Laetan
Laetan

Reputation: 899

Why does this sub-select work? No FROM clause present

I made a silly mistake while writing a PostgreSQL request. The syntax seems to be completely wrong, however it still half work.

I have this table (subscriber):

id - device_id - invert
1    'abcd'       true
2    'abcd'       true

There are other rows but those are the only one concerned (with the same device_id)

And I made the request :

UPDATE subscriber 
   SET invert = false 
WHERE device_id = (SELECT device_id WHERE id = 1) 
RETURNING *;

I forgot the FROM clause of the sub-select. The sub-select on it's own crash as expected (device_id does not exist). However, the full request compute, and does update and return one of the row (the one with id = 1). The correct request should update and return both rows.
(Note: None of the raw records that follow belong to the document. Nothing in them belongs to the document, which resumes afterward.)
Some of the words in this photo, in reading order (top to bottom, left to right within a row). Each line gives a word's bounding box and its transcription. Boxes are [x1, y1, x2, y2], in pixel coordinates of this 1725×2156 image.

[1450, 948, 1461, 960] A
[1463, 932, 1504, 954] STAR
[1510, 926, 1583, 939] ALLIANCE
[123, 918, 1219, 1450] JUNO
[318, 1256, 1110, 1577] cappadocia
Why? Is it some kind of bug? Or does the sub-select behave differently from a select?

Upvotes: 2

Views: 51

Answers (2)

Vao Tsun
Vao Tsun

Reputation: 51599

I'm afraid, skipping FROM you made expression in brackets a correlated subquery, not just a subquery, eg:

t=# select oid,(select oid) from pg_database limit 2;
  oid  |  oid
-------+-------
     1 |     1
 12945 | 12945
(2 rows)

this way Postgres tries to guess the alias to be used for the column name, which is the the pg_database in my case... So you in your case your where device_id = (SELECT device_id WHERE id = 1) is logically equal to where id = 1...

another example:

t=# select oid,(select oid::int*2 where oid=1),2 from pg_database limit 2;
  oid  | ?column? | ?column?
-------+----------+----------
     1 |        2 |        2
 12945 |          |        2
(2 rows)

Upvotes: 1

user330315
user330315

Reputation:

I think similar questions have been asked before, but I can't find them right now.

Inside the sub-select everything from the outer query is visible as well. If there is a name-clash "local" identifiers in the sub-select have precedence over the "outer" ones. If an identifier is not valid in the sub-select, but is available in the outer query, the one from the outer query is used.
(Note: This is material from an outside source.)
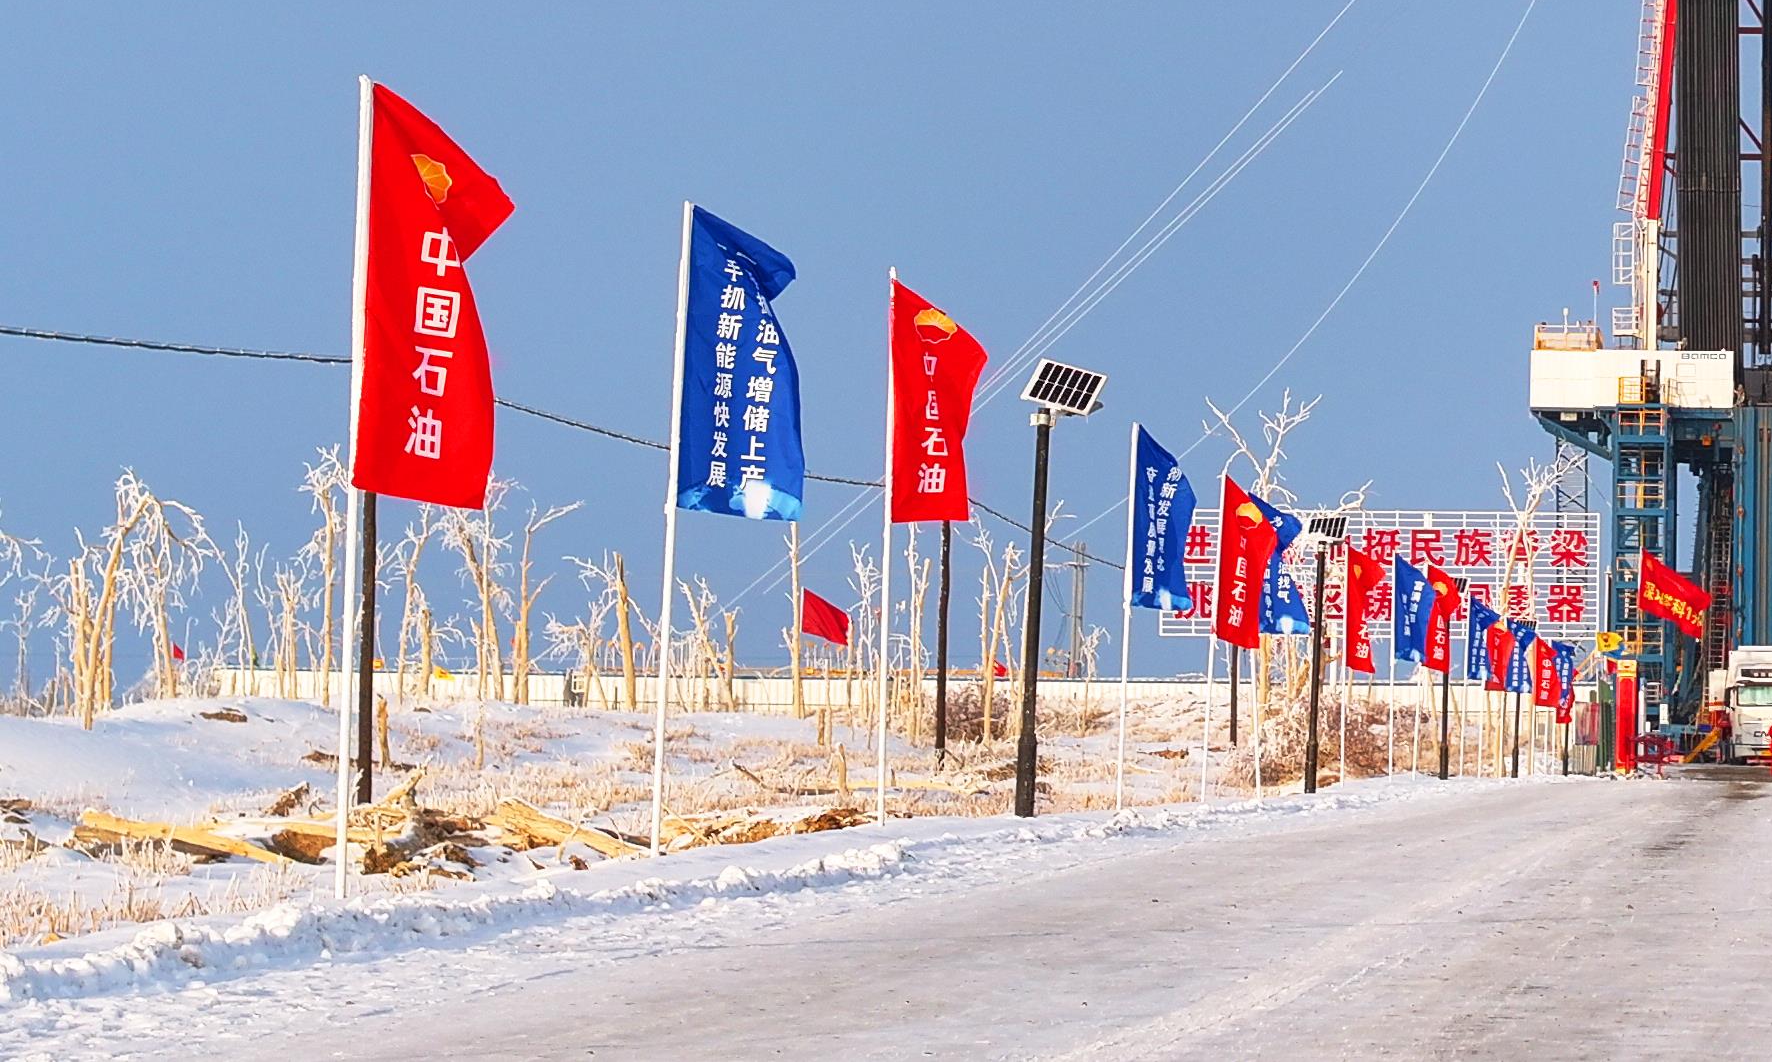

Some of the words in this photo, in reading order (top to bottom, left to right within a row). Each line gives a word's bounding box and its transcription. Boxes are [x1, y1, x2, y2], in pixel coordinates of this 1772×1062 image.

[404, 227, 462, 459] 中国石油
[917, 352, 949, 494] 中国石油
[1227, 535, 1251, 628] 中国石油
Postgres allows SELECT statements without a FROM clause, so

select 42;

is valid

So your sub-select actually uses the device_id and id columns from the table that is being updated. That's why the query works .

This is not a bug, these visibility rules are required by the SQL standard (however, the possibility to run a SELECT without FROM is an extension to the SQL standard).